**WORK INSTRUCTION:**
Write out the entries exactly. None of the pictures should appear in the copy.

**Phrase grounding data:**
=== Begin Enclosure ===
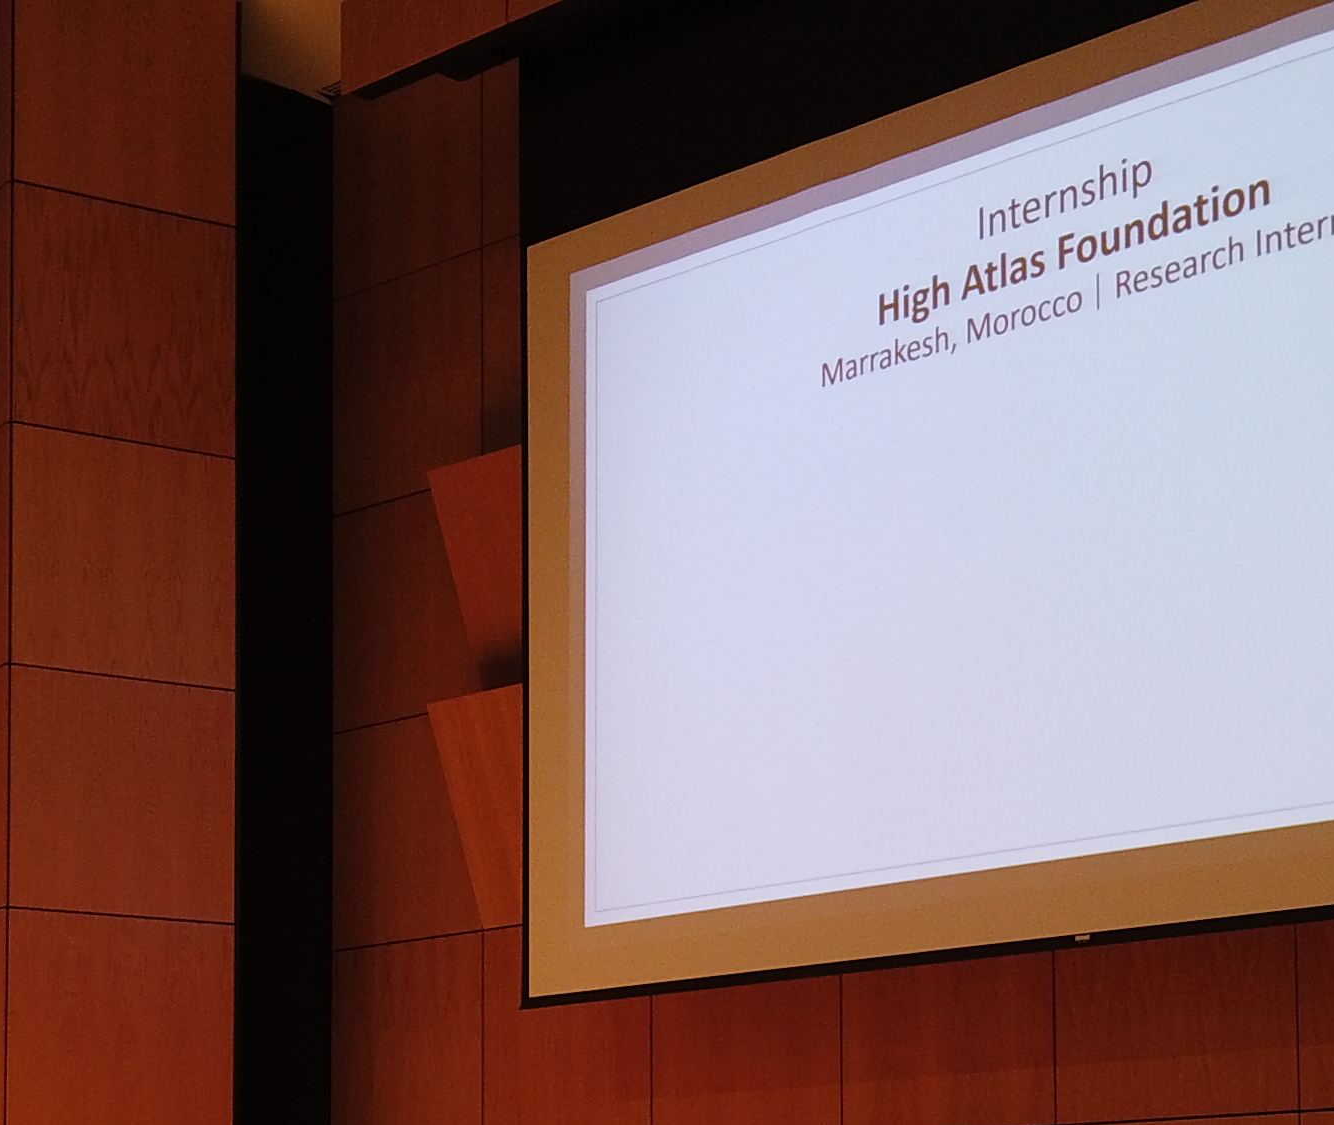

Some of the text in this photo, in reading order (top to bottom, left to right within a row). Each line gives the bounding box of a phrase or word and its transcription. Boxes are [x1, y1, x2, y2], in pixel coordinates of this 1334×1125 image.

[878, 178, 1271, 326] High Atlas Foundation
[978, 157, 1153, 240] Internship
[821, 326, 957, 388] Marrakesh,
[966, 291, 1083, 344] Morocco
[1115, 236, 1245, 299] Research
=== End Enclosure ===
**ANSWER SECTION:**
Some of the text in this photo, in reading order (top to bottom, left to right within a row). Each line gives the bounding box of a phrase or word and its transcription. Boxes are [x1, y1, x2, y2], in pixel coordinates of this 1334×1125 image.

[878, 178, 1271, 326] High Atlas Foundation
[978, 157, 1153, 240] Internship
[821, 326, 957, 388] Marrakesh,
[966, 291, 1083, 344] Morocco
[1115, 236, 1245, 299] Research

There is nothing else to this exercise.